Word for word, the listing below should be printed again.

MATERIAL PROVIDED:
■ ■ ■ ■
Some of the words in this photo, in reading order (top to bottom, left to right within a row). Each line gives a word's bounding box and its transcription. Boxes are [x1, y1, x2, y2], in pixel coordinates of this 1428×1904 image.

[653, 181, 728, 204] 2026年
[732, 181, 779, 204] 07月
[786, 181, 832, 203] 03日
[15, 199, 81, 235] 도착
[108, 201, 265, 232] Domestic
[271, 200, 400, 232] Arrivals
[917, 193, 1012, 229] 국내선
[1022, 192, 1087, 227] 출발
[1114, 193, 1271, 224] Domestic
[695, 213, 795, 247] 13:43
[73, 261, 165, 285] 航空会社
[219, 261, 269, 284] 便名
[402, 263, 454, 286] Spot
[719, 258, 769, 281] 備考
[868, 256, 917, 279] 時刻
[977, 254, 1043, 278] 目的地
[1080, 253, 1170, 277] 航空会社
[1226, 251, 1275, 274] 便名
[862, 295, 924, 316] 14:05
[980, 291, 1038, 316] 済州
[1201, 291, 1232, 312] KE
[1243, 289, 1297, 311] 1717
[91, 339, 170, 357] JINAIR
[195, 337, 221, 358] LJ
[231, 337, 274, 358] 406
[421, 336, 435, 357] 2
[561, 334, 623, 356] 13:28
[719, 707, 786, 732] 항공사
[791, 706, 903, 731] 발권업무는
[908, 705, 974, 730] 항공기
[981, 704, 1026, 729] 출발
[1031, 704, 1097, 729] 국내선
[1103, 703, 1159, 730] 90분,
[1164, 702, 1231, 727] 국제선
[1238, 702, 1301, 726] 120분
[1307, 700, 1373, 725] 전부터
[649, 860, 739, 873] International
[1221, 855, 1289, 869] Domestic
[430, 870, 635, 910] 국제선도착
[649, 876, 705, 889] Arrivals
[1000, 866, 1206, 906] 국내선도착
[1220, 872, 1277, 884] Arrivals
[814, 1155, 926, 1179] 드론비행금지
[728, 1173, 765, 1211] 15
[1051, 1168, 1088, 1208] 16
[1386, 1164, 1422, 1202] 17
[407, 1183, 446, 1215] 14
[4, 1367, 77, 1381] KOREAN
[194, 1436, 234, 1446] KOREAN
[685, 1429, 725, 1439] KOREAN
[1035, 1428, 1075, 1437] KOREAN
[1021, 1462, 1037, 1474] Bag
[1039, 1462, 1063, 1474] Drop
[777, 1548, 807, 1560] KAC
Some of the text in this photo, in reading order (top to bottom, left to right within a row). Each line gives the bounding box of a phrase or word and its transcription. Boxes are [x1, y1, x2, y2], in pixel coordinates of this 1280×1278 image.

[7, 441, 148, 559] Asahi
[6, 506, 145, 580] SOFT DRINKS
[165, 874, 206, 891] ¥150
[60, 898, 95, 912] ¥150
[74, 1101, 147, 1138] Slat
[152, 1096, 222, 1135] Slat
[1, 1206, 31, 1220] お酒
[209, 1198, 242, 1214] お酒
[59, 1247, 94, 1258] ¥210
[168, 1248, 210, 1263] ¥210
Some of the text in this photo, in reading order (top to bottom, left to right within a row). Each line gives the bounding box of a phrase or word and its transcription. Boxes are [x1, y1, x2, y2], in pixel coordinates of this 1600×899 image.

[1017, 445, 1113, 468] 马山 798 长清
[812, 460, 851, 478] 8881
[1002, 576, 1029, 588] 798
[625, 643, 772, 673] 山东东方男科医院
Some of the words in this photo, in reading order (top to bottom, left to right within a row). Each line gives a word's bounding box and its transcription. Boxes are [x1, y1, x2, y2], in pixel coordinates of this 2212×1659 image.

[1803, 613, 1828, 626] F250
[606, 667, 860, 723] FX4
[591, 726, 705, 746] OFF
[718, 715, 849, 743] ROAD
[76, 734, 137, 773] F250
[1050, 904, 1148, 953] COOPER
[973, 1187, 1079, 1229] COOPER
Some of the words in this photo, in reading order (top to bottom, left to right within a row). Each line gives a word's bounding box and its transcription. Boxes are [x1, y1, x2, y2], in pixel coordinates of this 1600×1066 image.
■ ■ ■ ■
EXERCISE RESULT:
Some of the words in this photo, in reading order (top to bottom, left to right within a row). Each line gives a word's bounding box and its transcription. Boxes are [x1, y1, x2, y2], in pixel coordinates of this 1428×1904 image.

[653, 181, 728, 204] 2026年
[732, 181, 779, 204] 07月
[786, 181, 832, 203] 03日
[15, 199, 81, 235] 도착
[108, 201, 265, 232] Domestic
[271, 200, 400, 232] Arrivals
[917, 193, 1012, 229] 국내선
[1022, 192, 1087, 227] 출발
[1114, 193, 1271, 224] Domestic
[695, 213, 795, 247] 13:43
[73, 261, 165, 285] 航空会社
[219, 261, 269, 284] 便名
[402, 263, 454, 286] Spot
[719, 258, 769, 281] 備考
[868, 256, 917, 279] 時刻
[977, 254, 1043, 278] 目的地
[1080, 253, 1170, 277] 航空会社
[1226, 251, 1275, 274] 便名
[862, 295, 924, 316] 14:05
[980, 291, 1038, 316] 済州
[1201, 291, 1232, 312] KE
[1243, 289, 1297, 311] 1717
[91, 339, 170, 357] JINAIR
[195, 337, 221, 358] LJ
[231, 337, 274, 358] 406
[421, 336, 435, 357] 2
[561, 334, 623, 356] 13:28
[719, 707, 786, 732] 항공사
[791, 706, 903, 731] 발권업무는
[908, 705, 974, 730] 항공기
[981, 704, 1026, 729] 출발
[1031, 704, 1097, 729] 국내선
[1103, 703, 1159, 730] 90분,
[1164, 702, 1231, 727] 국제선
[1238, 702, 1301, 726] 120분
[1307, 700, 1373, 725] 전부터
[649, 860, 739, 873] International
[1221, 855, 1289, 869] Domestic
[430, 870, 635, 910] 국제선도착
[649, 876, 705, 889] Arrivals
[1000, 866, 1206, 906] 국내선도착
[1220, 872, 1277, 884] Arrivals
[814, 1155, 926, 1179] 드론비행금지
[728, 1173, 765, 1211] 15
[1051, 1168, 1088, 1208] 16
[1386, 1164, 1422, 1202] 17
[407, 1183, 446, 1215] 14
[4, 1367, 77, 1381] KOREAN
[194, 1436, 234, 1446] KOREAN
[685, 1429, 725, 1439] KOREAN
[1035, 1428, 1075, 1437] KOREAN
[1021, 1462, 1037, 1474] Bag
[1039, 1462, 1063, 1474] Drop
[777, 1548, 807, 1560] KAC
Some of the text in this photo, in reading order (top to bottom, left to right within a row). Each line gives the bounding box of a phrase or word and its transcription. Boxes are [x1, y1, x2, y2], in pixel coordinates of this 1280×1278 image.

[7, 441, 148, 559] Asahi
[6, 506, 145, 580] SOFT DRINKS
[165, 874, 206, 891] ¥150
[60, 898, 95, 912] ¥150
[74, 1101, 147, 1138] Slat
[152, 1096, 222, 1135] Slat
[1, 1206, 31, 1220] お酒
[209, 1198, 242, 1214] お酒
[59, 1247, 94, 1258] ¥210
[168, 1248, 210, 1263] ¥210
Some of the text in this photo, in reading order (top to bottom, left to right within a row). Each line gives the bounding box of a phrase or word and its transcription. Boxes are [x1, y1, x2, y2], in pixel coordinates of this 1600×899 image.

[1017, 445, 1113, 468] 马山 798 长清
[812, 460, 851, 478] 8881
[1002, 576, 1029, 588] 798
[625, 643, 772, 673] 山东东方男科医院
Some of the words in this photo, in reading order (top to bottom, left to right within a row). Each line gives a word's bounding box and its transcription. Boxes are [x1, y1, x2, y2], in pixel coordinates of this 2212×1659 image.

[1803, 613, 1828, 626] F250
[606, 667, 860, 723] FX4
[591, 726, 705, 746] OFF
[718, 715, 849, 743] ROAD
[76, 734, 137, 773] F250
[1050, 904, 1148, 953] COOPER
[973, 1187, 1079, 1229] COOPER
Some of the words in this photo, in reading order (top to bottom, left to right within a row). Each line gives a word's bounding box and its transcription. Boxes are [x1, y1, x2, y2], in pixel coordinates of this 1600×1066 image.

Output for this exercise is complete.